Cameron Yong/HIGHLANDER
Cameron Yong/HIGHLANDER

Last week’s UC regents meeting in Sacramento featured the presentation of a report examining improvements to the California community college-UC transfer pathway and the introduction of a focus group that will address issues of sexual harassment on all 10 campuses. Over 60 students, alumni and professors also protested at the regents meeting, demanding that the regents sell off the investments in fossil fuel companies from the UC’s $7.7 billion endowment fund. 

Half of all UC transfer students came from about 22 community colleges

In a report released on Wednesday May 14, the UC Office of the President proposed improving counseling services and programs at the community college level to make the transfer application process easier and reduce confusion that students face in determining which courses are required for admission.

One-third of the students — about 15,000 students per year — transfer into the UC system. However, half of all transfer students come from less than 20 percent of the 112 community colleges across the state.

Officials said they are aiming to pay special attention to 30 community colleges that send the fewest students to the UC. They will try to garner admission from schools in the far northern regions of California, the Central Valley and in the Inland Empire.

“Transfer students are an important part of UC’s strength as an engine of social mobility for our state,” said UC President Janet Napolitano. “Put simply, if we are serving transfers well, then we are serving the state well.”

5,330 out of the 8,188 transfer students who applied to UCR in fall 2013 were admitted — a rate of 65 percent — with an overwhelming majority of 95 percent who came from California community colleges.

Some of the recommendations highlighted in the report are: developing a targeted system of reaching out to prospective transfer students to let them know that the UC is attainable and affordable; establishing a “CCC to UC Pipeline Initiative” in partnership with 30 community colleges that do not send large numbers of students to UC; providing each new transfer student with a “Transfer Success Kit,” to include such elements as guaranteed housing, earlier transfer credit evaluations, orientation and mentoring; and developing transfer-oriented curriculum pathways that clearly map courses students need to be eligible to transfer into their desired major.

UC regents focus on systemwide sexual harassment

UC Regent Bonnie Reiss made a request during last week’s regents meeting to create a new focus group which will aim to address sexual assault cases around the UC system.

Reiss questioned whether there is enough being done at the 10 UC campuses to communicate to the student body that there is a zero-tolerance policy when it comes to crimes of sexual assault.

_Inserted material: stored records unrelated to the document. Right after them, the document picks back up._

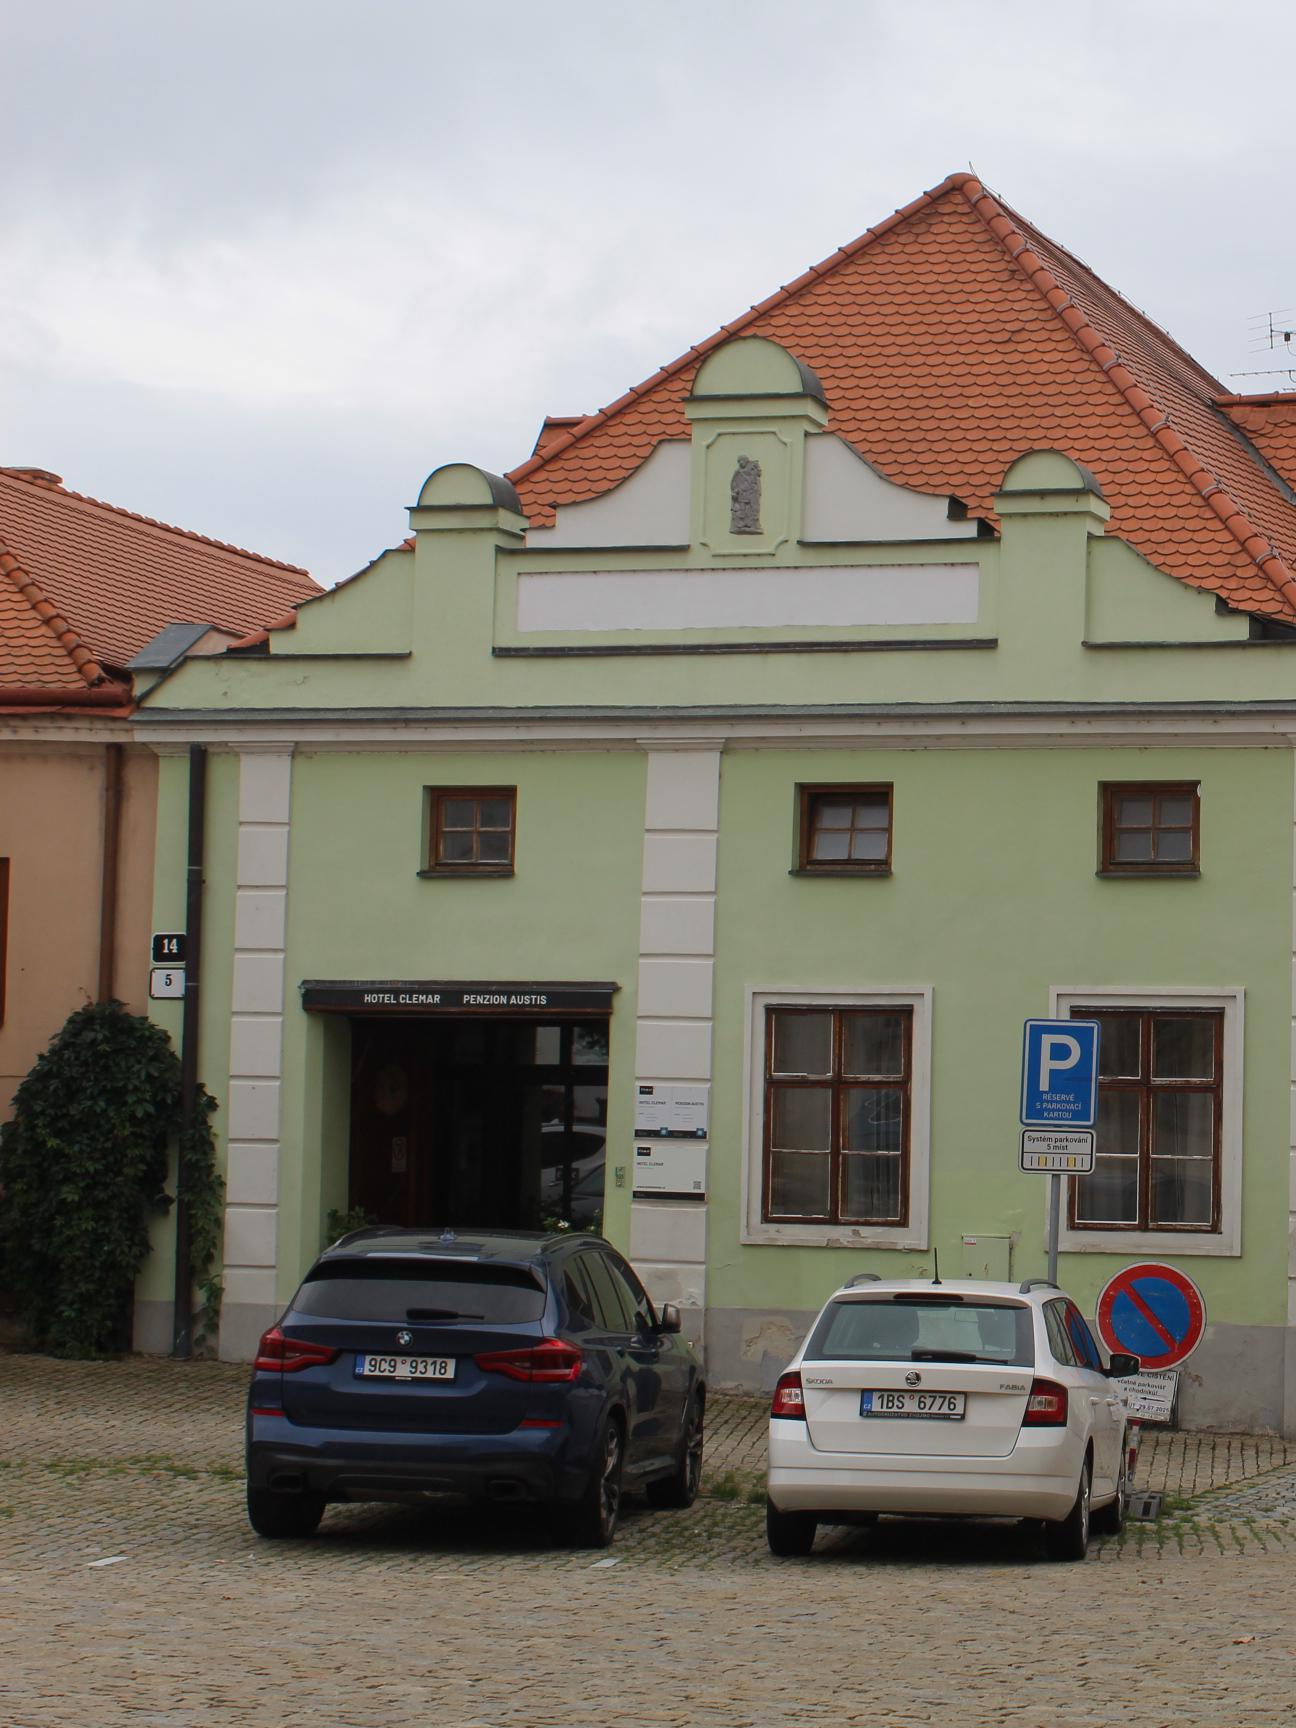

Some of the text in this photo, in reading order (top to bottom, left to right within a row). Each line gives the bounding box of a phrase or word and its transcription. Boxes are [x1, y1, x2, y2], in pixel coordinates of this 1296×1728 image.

[162, 938, 178, 953] 14
[164, 973, 172, 987] 5
[364, 993, 441, 1004] HOTEL CLEMAR
[463, 994, 547, 1005] PENZION AUSTIS
[1039, 1033, 1081, 1091] P
[1042, 1102, 1082, 1111] PARKOVACÍ
[1043, 1111, 1073, 1119] KARTOU
[1027, 1135, 1089, 1144] Systém parkování
[368, 1358, 397, 1374] 9C9
[409, 1360, 448, 1375] 9318
[999, 1383, 1026, 1391] FABIA
[878, 1393, 905, 1409] 1BS
[917, 1395, 957, 1411] 6776

The U.S. Department of Education released a list earlier this month of higher education institutions containing open sexual violence investigations that potentially failed to meet Title IX. This is a federal law that prohibits sex-based discrimination in campuses that receive federal funding. UC Berkeley, along with 54 other college campuses across the nation, landed on the list and is facing an ongoing state audit of its sexual assault policies.

“I want every chancellor, on every campus — I want to see their action plan,” Reiss told San Jose Mercury News.

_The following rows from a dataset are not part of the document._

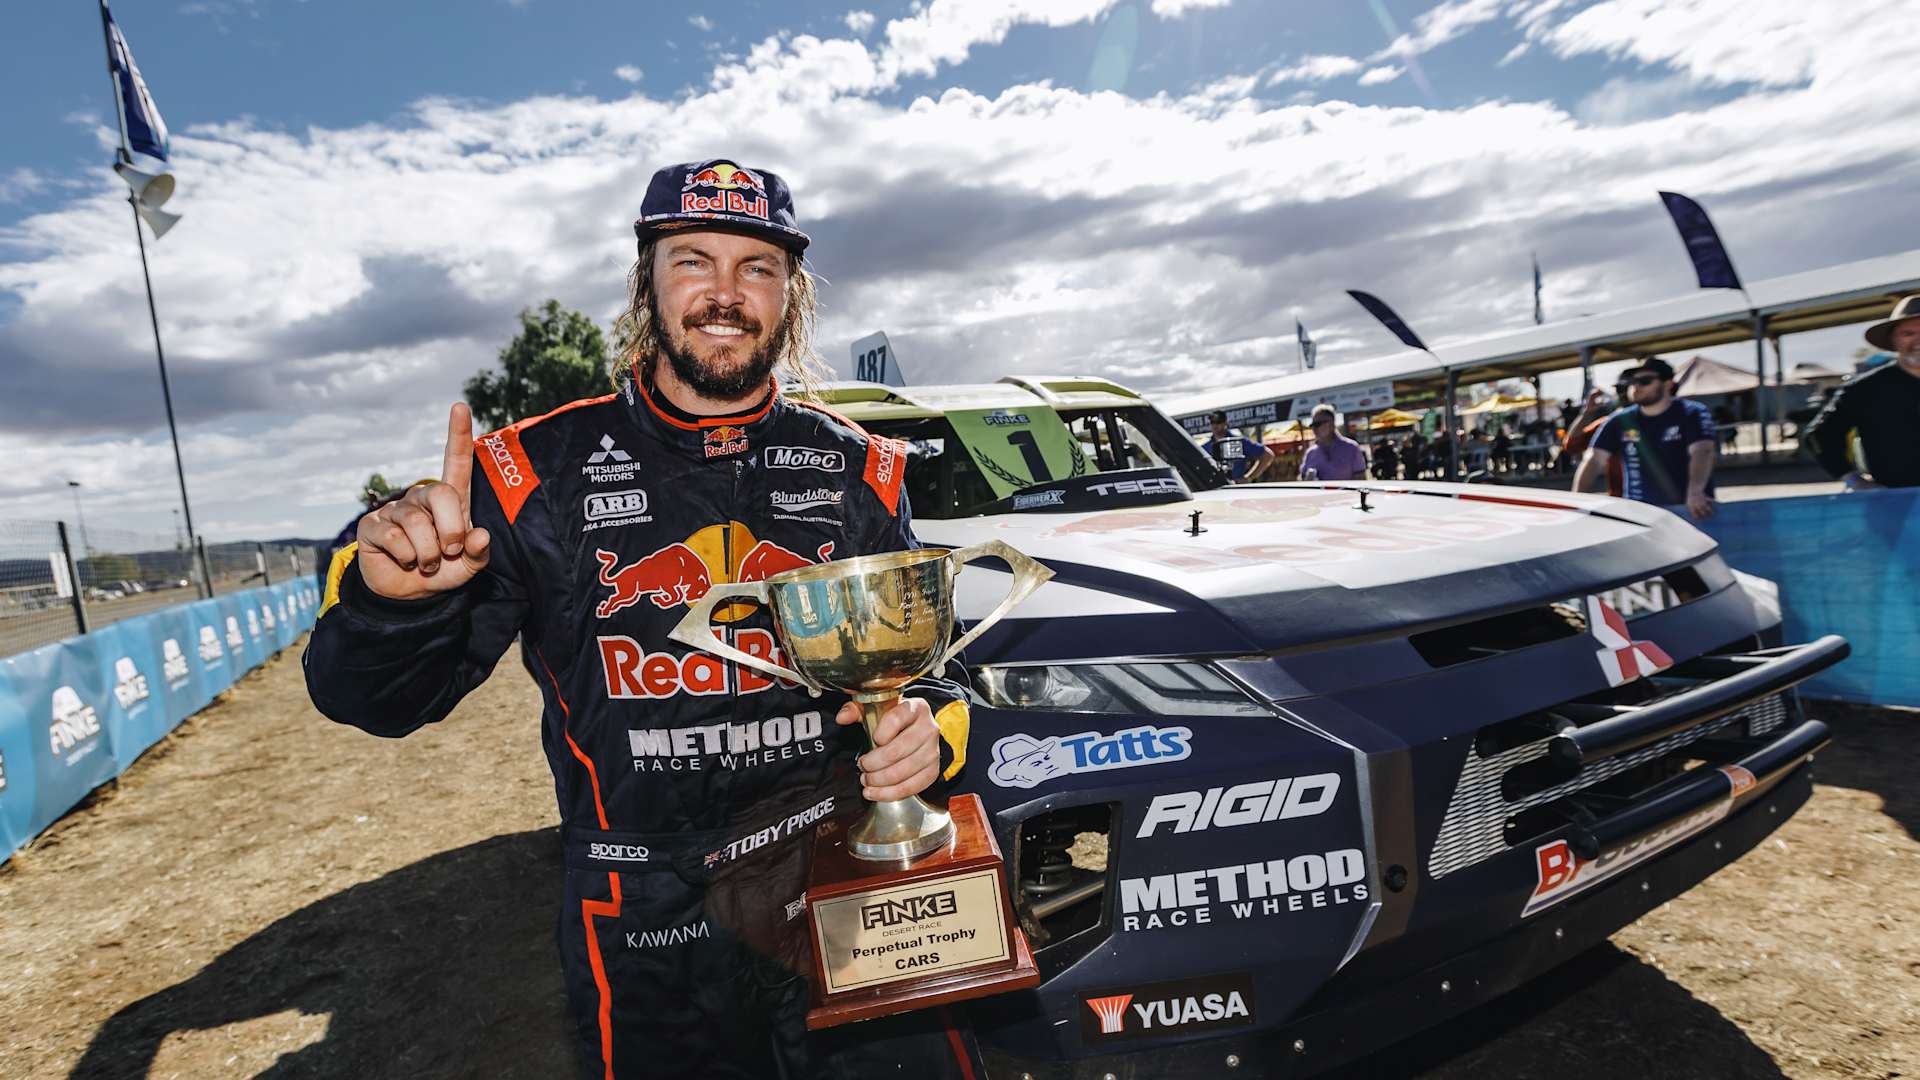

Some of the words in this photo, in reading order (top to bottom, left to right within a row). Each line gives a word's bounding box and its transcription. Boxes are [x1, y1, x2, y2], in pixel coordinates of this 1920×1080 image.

[682, 190, 725, 213] Red
[728, 191, 768, 220] Bull
[856, 345, 886, 384] 487
[984, 414, 1030, 426] FINKE
[485, 434, 523, 487] sparco
[705, 442, 728, 458] Red
[728, 439, 749, 454] Bull
[774, 449, 836, 467] MoTeC
[1007, 430, 1054, 482] 1
[582, 462, 640, 475] MITSUBISHI
[591, 471, 634, 483] MOTORS
[770, 487, 844, 504] Blundstone
[1086, 478, 1180, 496] TSCO
[590, 493, 643, 516] ARB
[600, 515, 653, 528] ACCESSORIES
[597, 626, 730, 699] Red
[628, 710, 822, 757] METHOD
[1060, 728, 1186, 769] Tatts
[633, 758, 701, 773] RACE
[719, 739, 825, 772] WHEELS
[1135, 772, 1341, 839] RIGID
[727, 818, 788, 861] TOBY
[787, 796, 835, 836] PRICE
[588, 843, 649, 861] sparco
[1119, 848, 1366, 914] METHOD
[861, 890, 957, 930] FINKE
[1123, 907, 1211, 932] RACE
[1231, 884, 1369, 920] WHEELS
[625, 920, 710, 948] KAWANA
[852, 936, 922, 959] Perpetual
[927, 928, 976, 944] Trophy
[882, 926, 917, 938] DESERT
[919, 920, 943, 931] RACE
[895, 952, 940, 970] CARS
[1133, 991, 1249, 1030] YUASA

According to a recent report from a White House task force, about one in five college women are victims of attempted sexual assault or sexual assault. Napolitano informed the regents that she will make it a priority to provide better training to victims advocates and make sure offenders are held responsible for their actions.

“I think students are playing a key role to educate us and each other on this issue,” said Napolitano.

Protesters rally at regents meeting for a call to action on fossil fuel divestment

Since January, Fossil Free UC, a group that compiles members of organizations from eight UC campuses, has met with regents to discuss the implementation of a task force that will investigate the feasibility of fossil fuel divestment.

Last week’s announcement from Stanford University declaring they would sell off their investments in coal-mining companies (with the exception of natural gas and oil) prompted Fossil Free UC members to demand more from the UC.

During the meeting, Fossil Free UC members were granted 10 minutes to speak during public comment but seemed unsatisfied with the time appropriated and disrupted the meeting several times by chanting slogans such as “invest in education, not climate change.”

“It’s important to bring forth why we are doing this,” said Ophir Bruck, a student organizer with Fossil Free UC. “It’s about our future. Climate change is the most serious issue that our generation has to deal with. It makes no sense that our university is invested in the destruction of our future, rather they should be investing in fulfilling our future.”

Aligning with the fossil fuel initiative, the ASUCR senate also passed a resolution urging the UCOP endowment fund to divest from the top 200 fossil fuel companies in the same week.

The students of Fossil Free UC have secured a meeting with Chief Investment Officer Jagdeep Singh Bachher and Executive Vice President of Business Operations Nathan Brostrom at the UC Office of the President on May 21 to discuss the formation of a UC Task Force on Sustainable Investing.